PhD Scientific Days 2024

Budapest, 9-10 July 2024

Molecular Medicine I.

Genome-Wide, Non-Invasive Prenatal Testing for Rare Chromosomal Abnormalities: A Systematic Review and Meta-Analysis of Diagnostic Test Accuracy

Author(s)

Marton Konya1, Agnes Czimbalmos2, Tamas Koi3, Caner Turan2, Rita Nagy2, Nandor Acs2, Peter Hegyi2, Szabolcs Varbiro4, Aniko Gal5
1: Czeizel Institute, Budapest, Hungary
2: Centre for Translational Medicine, Semmelweis University, Budapest, Hungary
3: Centre for Translational Medicine, Semmelweis University
4: Department of Obstetrics and Gynecology, University of Szeged, Hungary
5: Institute of Genomic Medicine and Rare Disorders, Semmelweis University, Budapest, Hungary

Text of the abstract

Genome-Wide Non-Invasive Prenatal Testing (GW-NIPT) can provide positive results not only for common autosomal trisomies, but also for rare autosomal trisomies (RAT) and structural chromosomal abnormalities (SCA).
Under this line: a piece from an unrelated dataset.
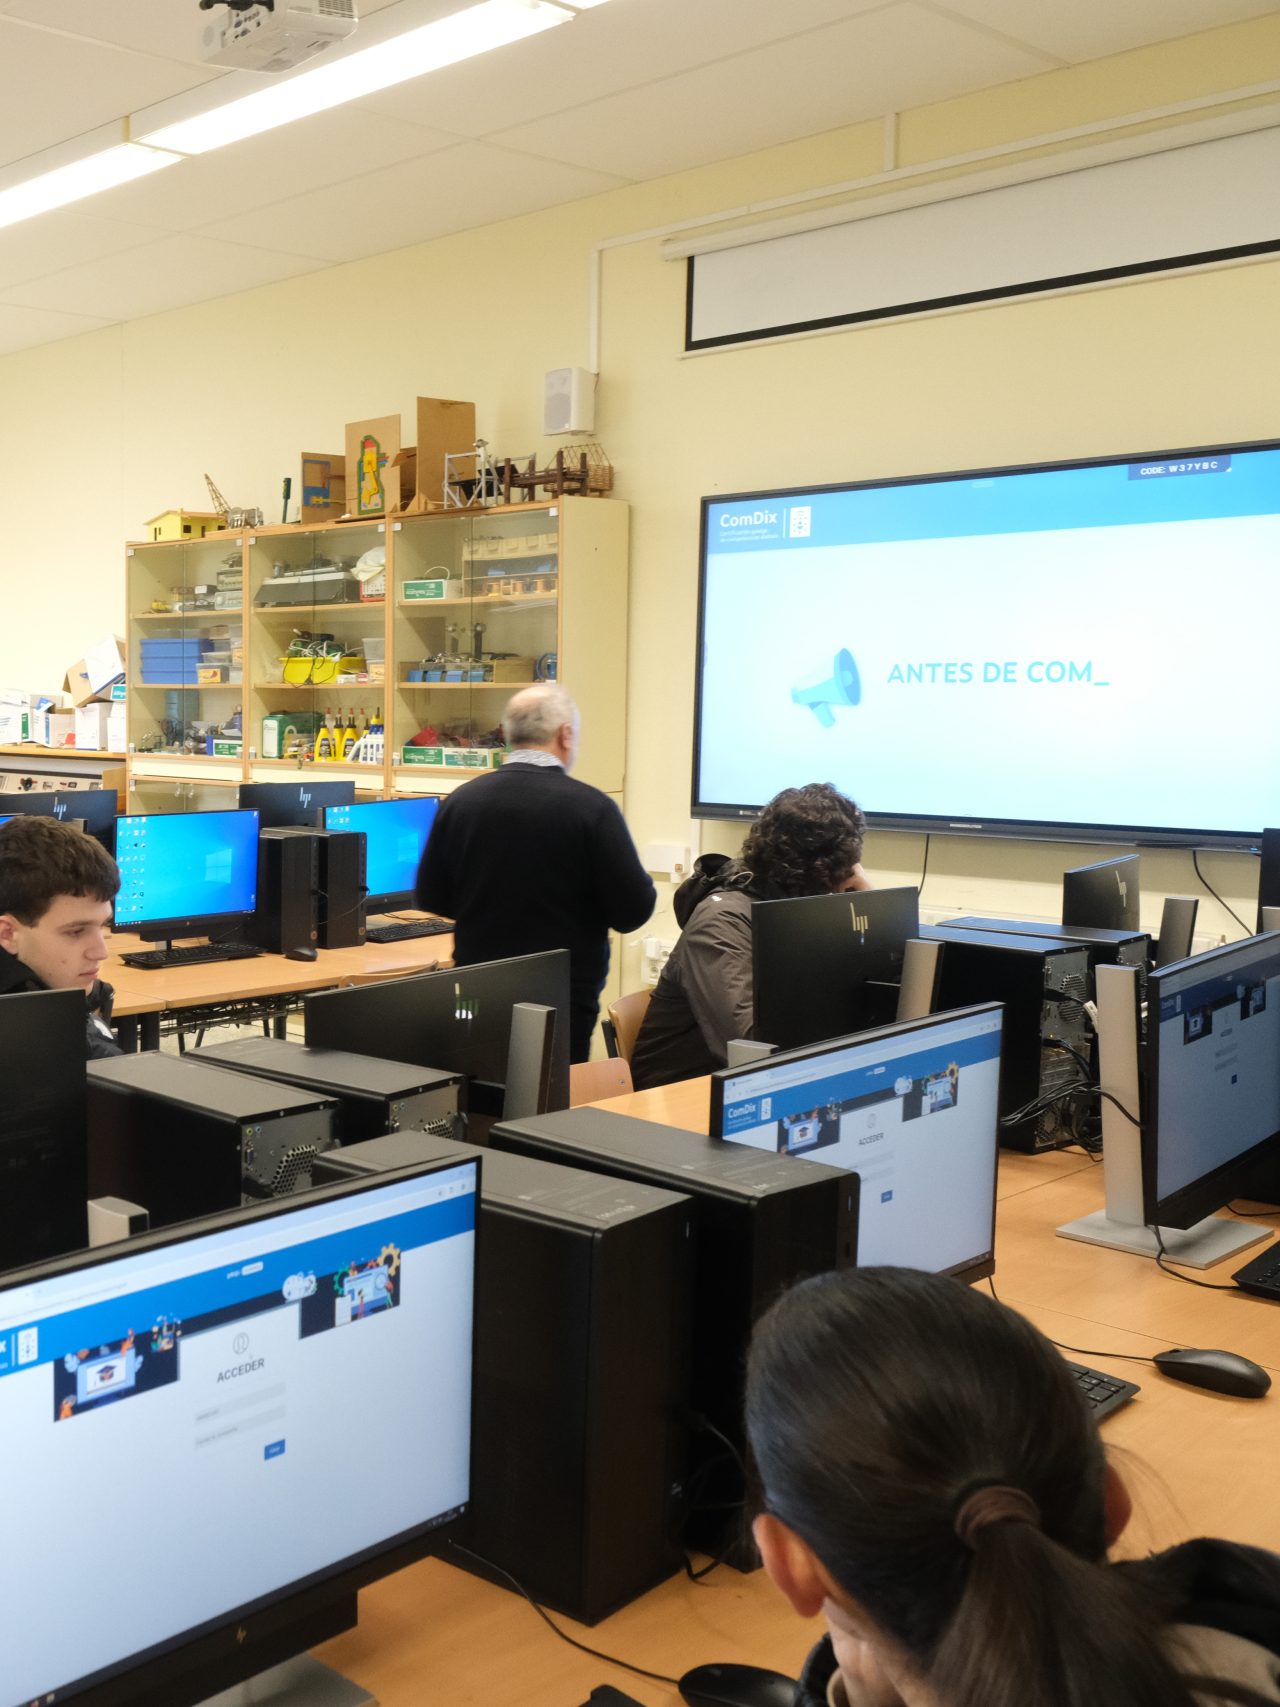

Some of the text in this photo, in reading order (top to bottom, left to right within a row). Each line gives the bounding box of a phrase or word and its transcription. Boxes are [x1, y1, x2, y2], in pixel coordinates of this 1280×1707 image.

Due to their rarity, there is currently insufficient information on the positive predictive values (PPV) of RAT and SCA-positive cases in the literature.
To identify more precise risk values to achieve better genetic consultation and clinical decisions.
We investigated the screening performance of positive cases for rare chromosomal aberrations by publications where a GW-NIPT study was performed. True positive cases were determined using two different methodologies. One was a confirmed methodology where only cases confirmed by genetic testing were considered true positives, the other was an extended methodology where, in addition to cases confirmed by genetic testing, intrauterine fetal death and termination of pregnancy due to an abnormality confirmed by ultrasound examination were also considered true positives.
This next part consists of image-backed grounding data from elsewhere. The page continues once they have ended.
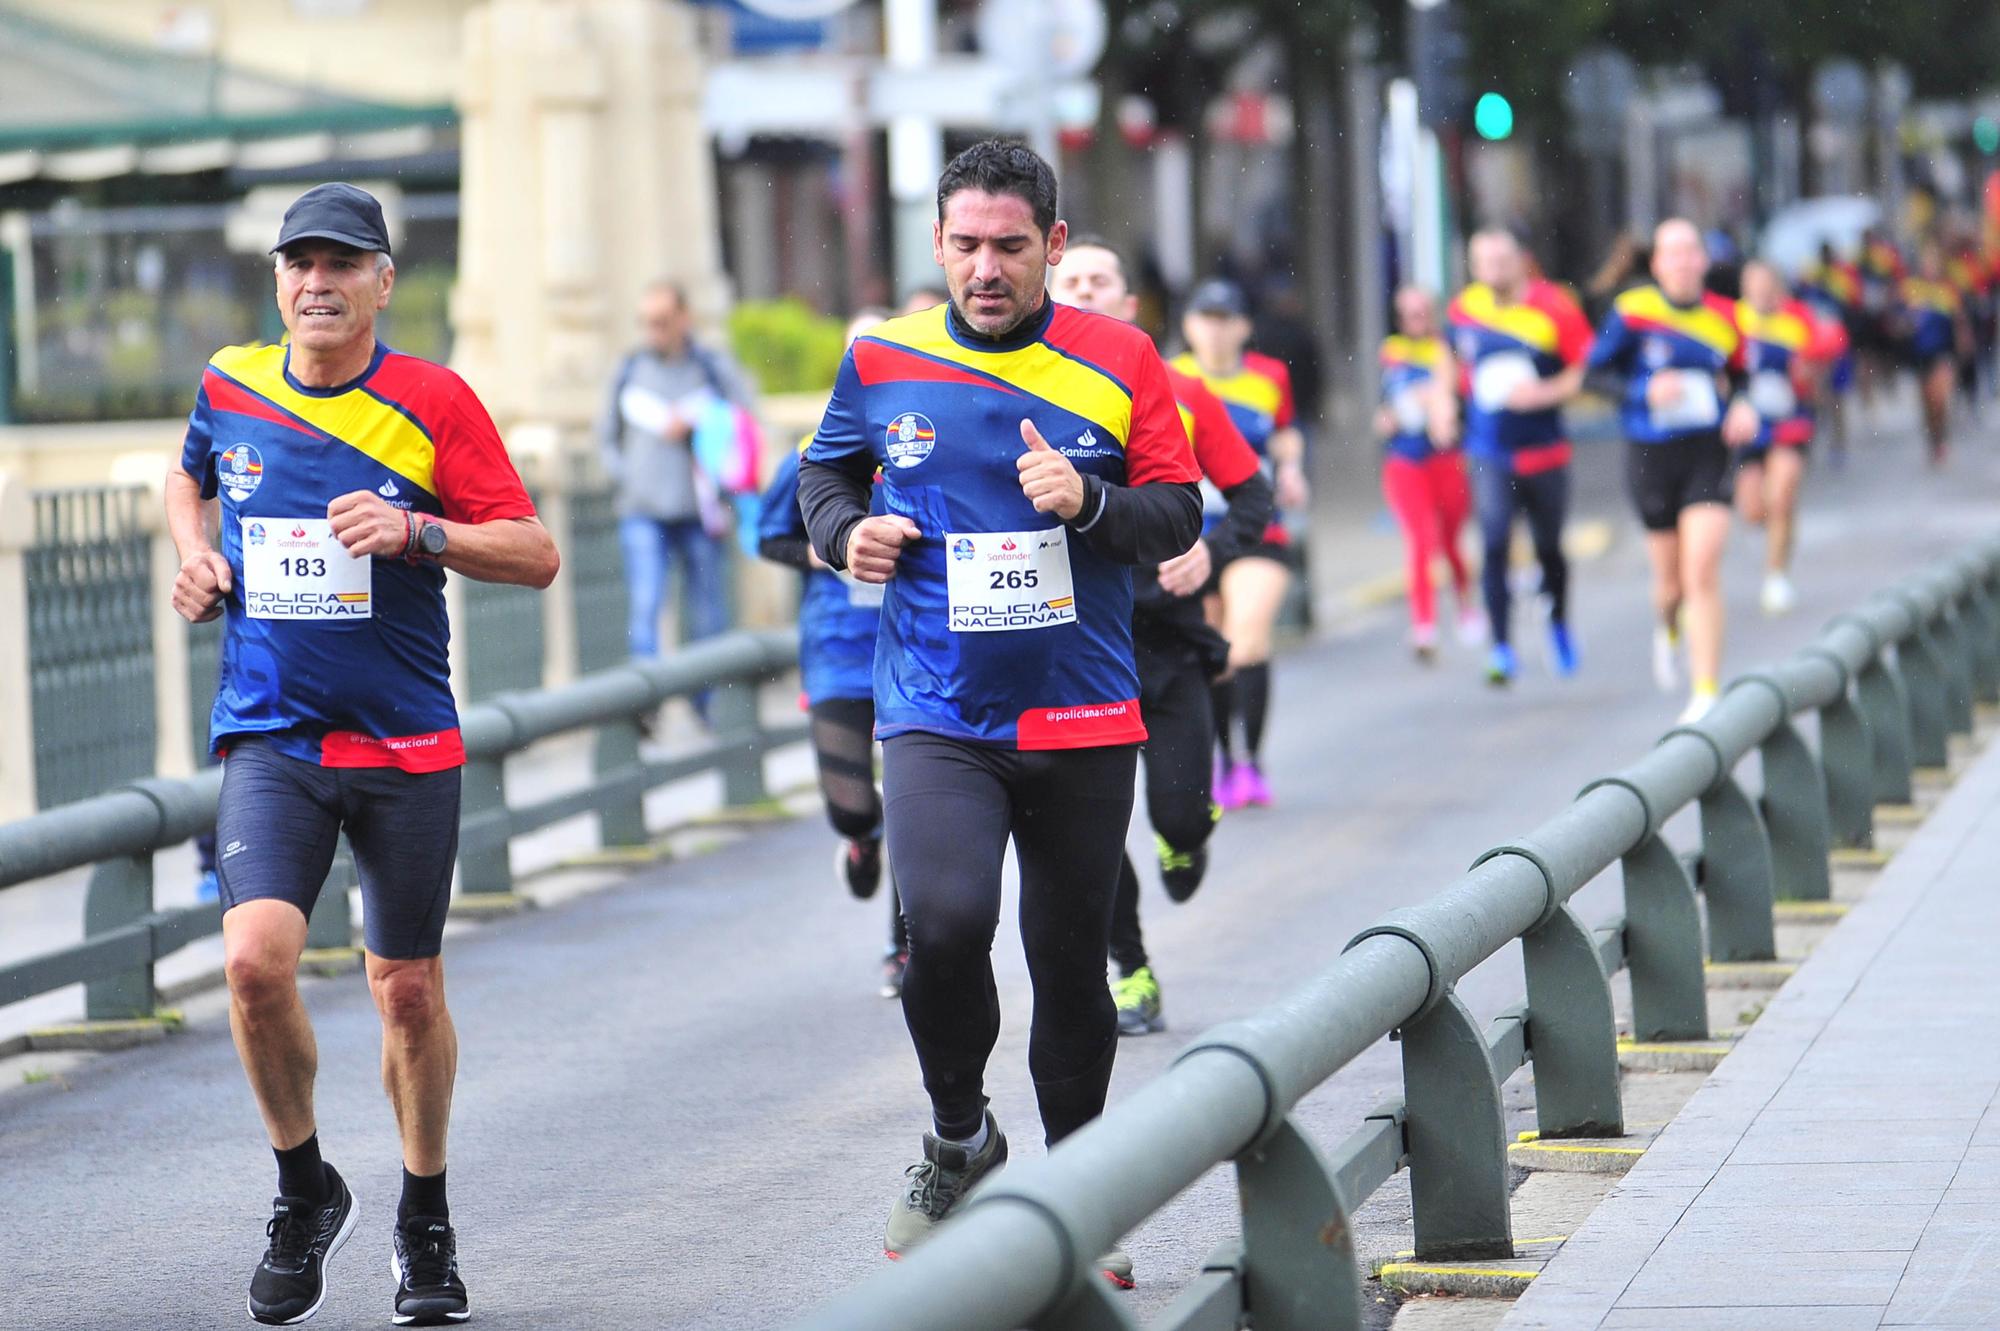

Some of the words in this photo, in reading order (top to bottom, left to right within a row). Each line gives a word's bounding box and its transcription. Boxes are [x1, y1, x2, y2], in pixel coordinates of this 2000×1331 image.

[277, 539, 319, 549] Santander
[987, 552, 1032, 561] Santander
[280, 558, 326, 577] 183
[989, 569, 1038, 589] 265
[248, 591, 340, 603] POLICIA
[249, 603, 369, 615] NACIONAL
[953, 601, 1051, 616] POLICIA
[953, 610, 1074, 627] NACIONAL
[1046, 704, 1127, 722] @policianacional
A total of 14 studies were analyzed, with a total GW-NIPT population of 582,996. Of these, 1,364 were RAT positive. The pooled proportion of RAT-positive cases was 0.003 (95% CI: [0.002, 0.004]). The pooled PPV with the confirmed method was 0.06 (95% CI: [0.04, 0.10] PI: [0.01, 0.26]), whereas with the extended method, the pooled PPV was 0.12 (95% CI: [0.07, 0.22] PI: [0.01, 0.60]), but PPV varied by chromosome. Using a confirmed method, we found the highest rates of true positives in T16, with a random-effects pooled proportion of 0.00002 among all NIPT, followed by T22, with a random-effects pooled proportion of 0.00002, and T2, with a random-effects pooled proportion of 0.00001. Using an extended method, we found the highest rate of true positives in T22, with a random-effects pooled proportion of 0.00004, followed by T16, with a random-effects pooled proportion of 0.00004, and T15, with a random-effects pooled proportion of 0.00003.

The test-positive and pooled PPV data reported in this publication can help patients select the appropriate NIPT test, whereas PPV values for individual chromosomes and structural chromosomal abnormalities are of significant importance in post-test genetic counseling, choice of confirmation method and patient decision-making.